As Colorado and Washington state legalize recreational marijuana, more people than ever are talking about the drug. Legalizing it for widespread use will probably never happen in New York State. But lawmakers have been working on legislation that would allow medicinal marijuana. Our Katie Gibas tells us what experts say needs to be considered before any law goes into effect.
NEW YORK -- Timothy McNeish started smoking marijuana recreationally in high school. He started to notice, on days he smoked, his ADD symptoms seemed to get better.
"I'm more aware. I'm more in control of myself, my body and my thoughts. I'm better able to focus. I use marijuana and my life has improved. My grades are great. I'm involved in the community. I'm not just some lazy stoner," said Timothy McNeish, a marijuana user.
McNeish says he smokes almost on a nightly basis. He says he's tried several medications for his ADD, but none have worked as well as marijuana.
"It stunted my personality. It stunted my creativity. I didn't really feel like myself when I was on Concerta," said McNeish.
Medical marijuana is legal in 18 states. Depending on the state, it can be prescribed for nausea, pain, depression, and insomnia.

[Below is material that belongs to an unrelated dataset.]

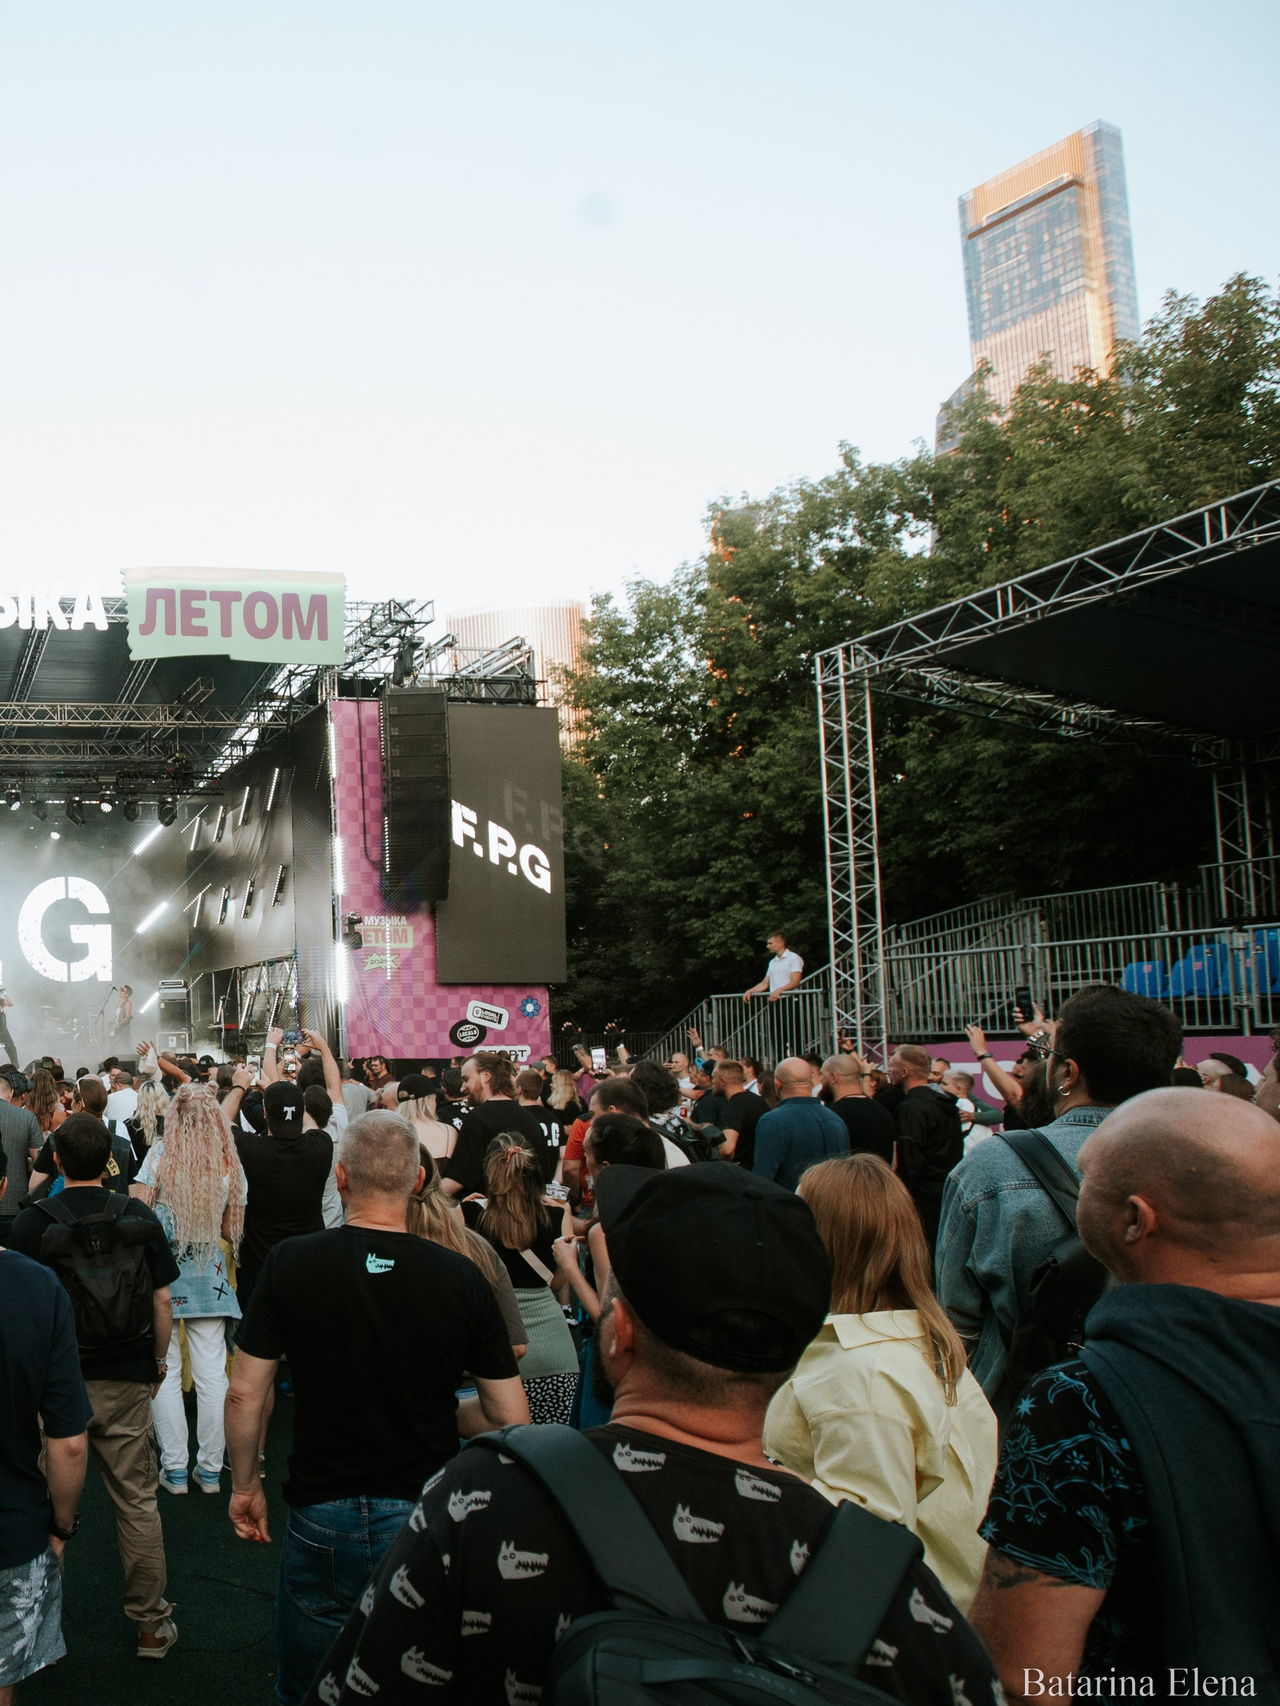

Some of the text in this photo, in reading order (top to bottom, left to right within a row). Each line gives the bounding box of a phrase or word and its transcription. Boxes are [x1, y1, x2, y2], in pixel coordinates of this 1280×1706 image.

[139, 587, 328, 641] ЛЕТОМ
[451, 799, 551, 894] F.P.G
[357, 927, 408, 944] ЕТОМ
[364, 915, 407, 926] МУЗЫКА

"There is a reason it can be used medicinally, but there are many, many, many other medications that can be used as well and work equally effectively. It has a lot of side effects. It interferes with the development of working memory. It also interferes with hand-eye coordination, peoples' ability to make good decisions," said Dr. Elizabeth Berry, a Crouse Hospital clinical psychologist.
While opponents are concerned about addiction and all the implications that surround that, those in favor of medicinal marijuana say that's a risk you run with any type of medication.

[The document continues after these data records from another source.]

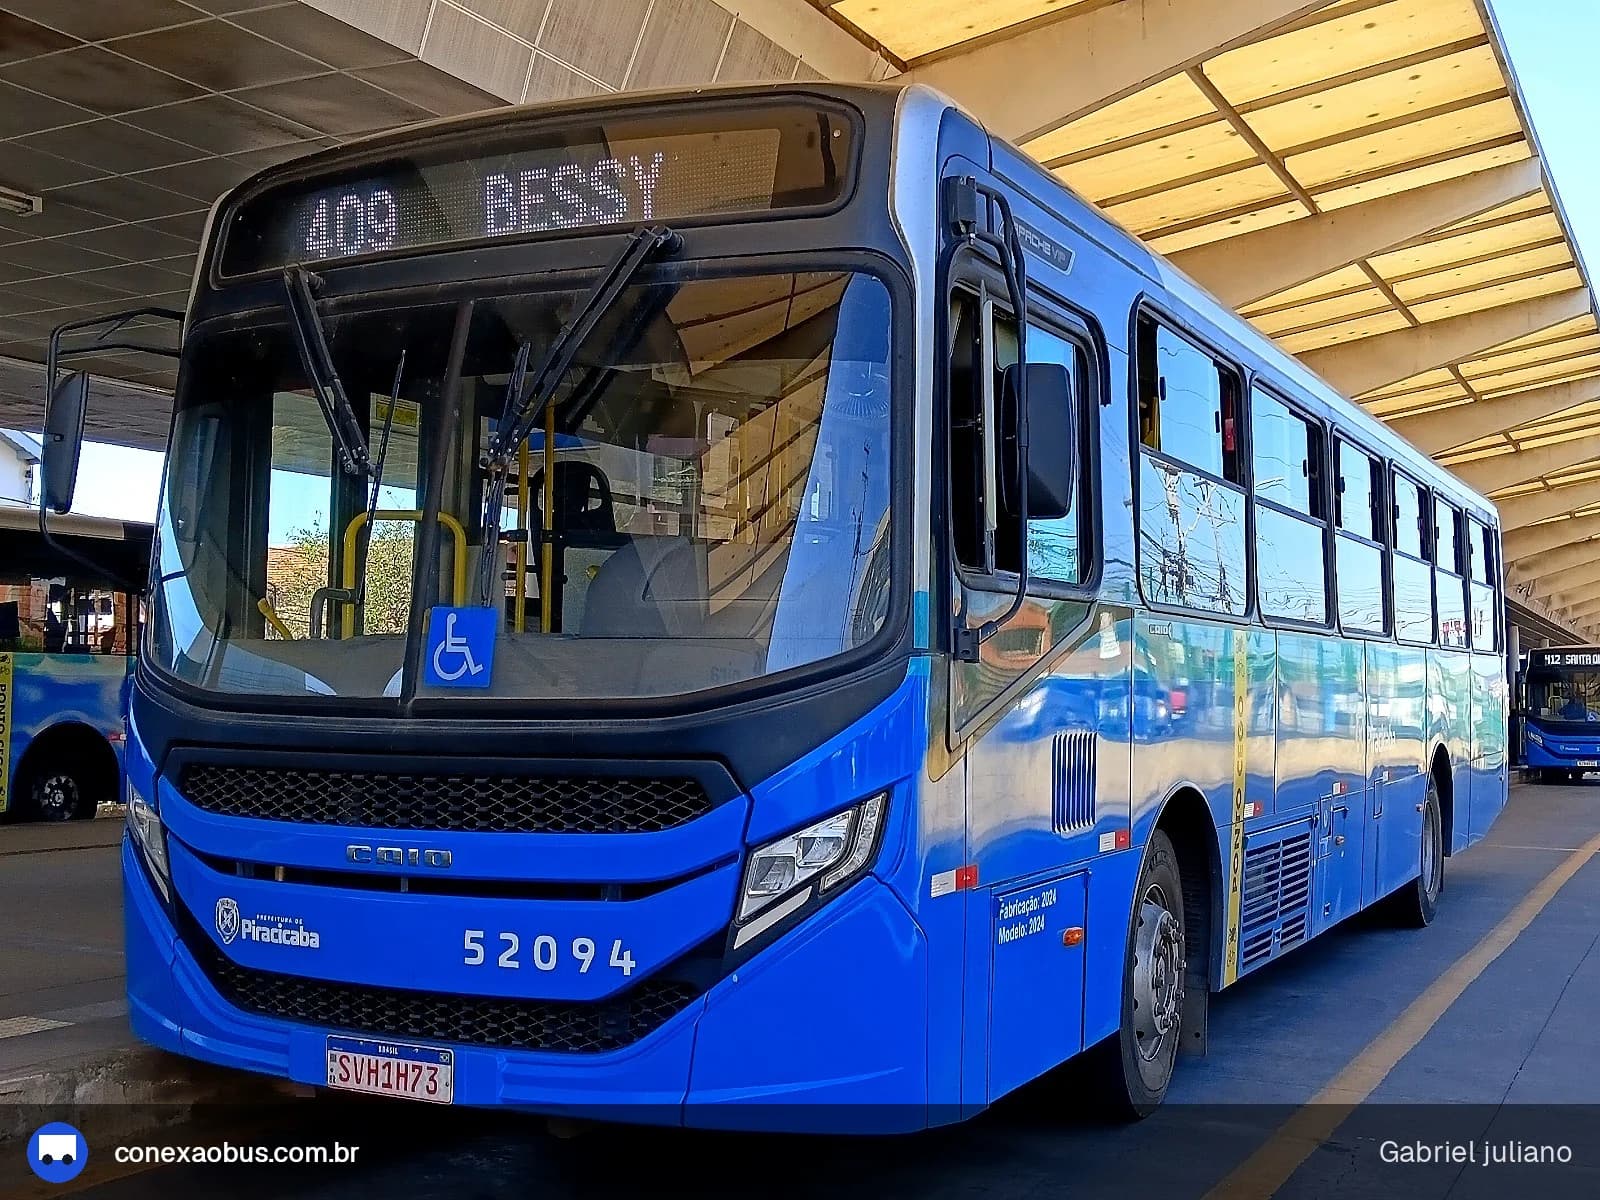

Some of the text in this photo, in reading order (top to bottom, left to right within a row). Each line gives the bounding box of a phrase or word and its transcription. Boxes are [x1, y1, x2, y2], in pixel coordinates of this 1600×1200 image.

[305, 152, 663, 258] 409 BESSY
[1544, 654, 1561, 665] 412
[346, 845, 452, 868] CAIO
[999, 888, 1056, 920] Fabricação: 2024
[241, 918, 320, 948] Piracicaba
[998, 914, 1044, 944] Modelo: 2024
[463, 929, 636, 976] 52094
[378, 1045, 399, 1055] BRASIL
[338, 1054, 439, 1095] SVH1H73

"Anything that becomes the central focus of your life and if you're smoking everyday when you wake up, that is certainly problematic. But I think it's time for a mature response at how we look at how we really look at for what reason is it illegal," said Dessa Bergen-Cico, a professor of Addiction Studies at Syracuse University's Department of Public Health.

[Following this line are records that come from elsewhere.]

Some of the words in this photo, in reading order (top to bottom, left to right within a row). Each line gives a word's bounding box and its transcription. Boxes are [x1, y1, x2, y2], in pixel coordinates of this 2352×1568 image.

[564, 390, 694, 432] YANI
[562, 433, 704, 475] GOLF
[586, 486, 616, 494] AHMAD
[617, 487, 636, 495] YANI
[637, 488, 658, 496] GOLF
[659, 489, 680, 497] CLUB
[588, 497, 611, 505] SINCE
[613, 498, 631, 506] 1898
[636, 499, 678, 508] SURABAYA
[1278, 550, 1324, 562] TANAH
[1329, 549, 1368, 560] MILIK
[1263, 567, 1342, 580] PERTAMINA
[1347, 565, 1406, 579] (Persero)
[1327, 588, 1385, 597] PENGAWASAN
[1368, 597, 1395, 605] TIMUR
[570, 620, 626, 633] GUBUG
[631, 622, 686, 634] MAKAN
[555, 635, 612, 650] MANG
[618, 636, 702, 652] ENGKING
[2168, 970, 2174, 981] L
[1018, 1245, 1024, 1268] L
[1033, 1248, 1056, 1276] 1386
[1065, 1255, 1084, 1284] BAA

"I think marijuana should be kept medicinal. Good for Washington and Colorado for legalizing it all the way, but I think that's kind of a dangerous move because people will abuse that," said McNeish.
Berry said, "This is a drug that has been over-prescribed and abused, and easily abused."
Berry says in California, doctors have often prescribed medical marijuana for cramps, headaches and even asthma.
Ethical experts say legalizing medical marijuana is something New York lawmakers are taking the time to look at carefully to avoid abuses seen in other states.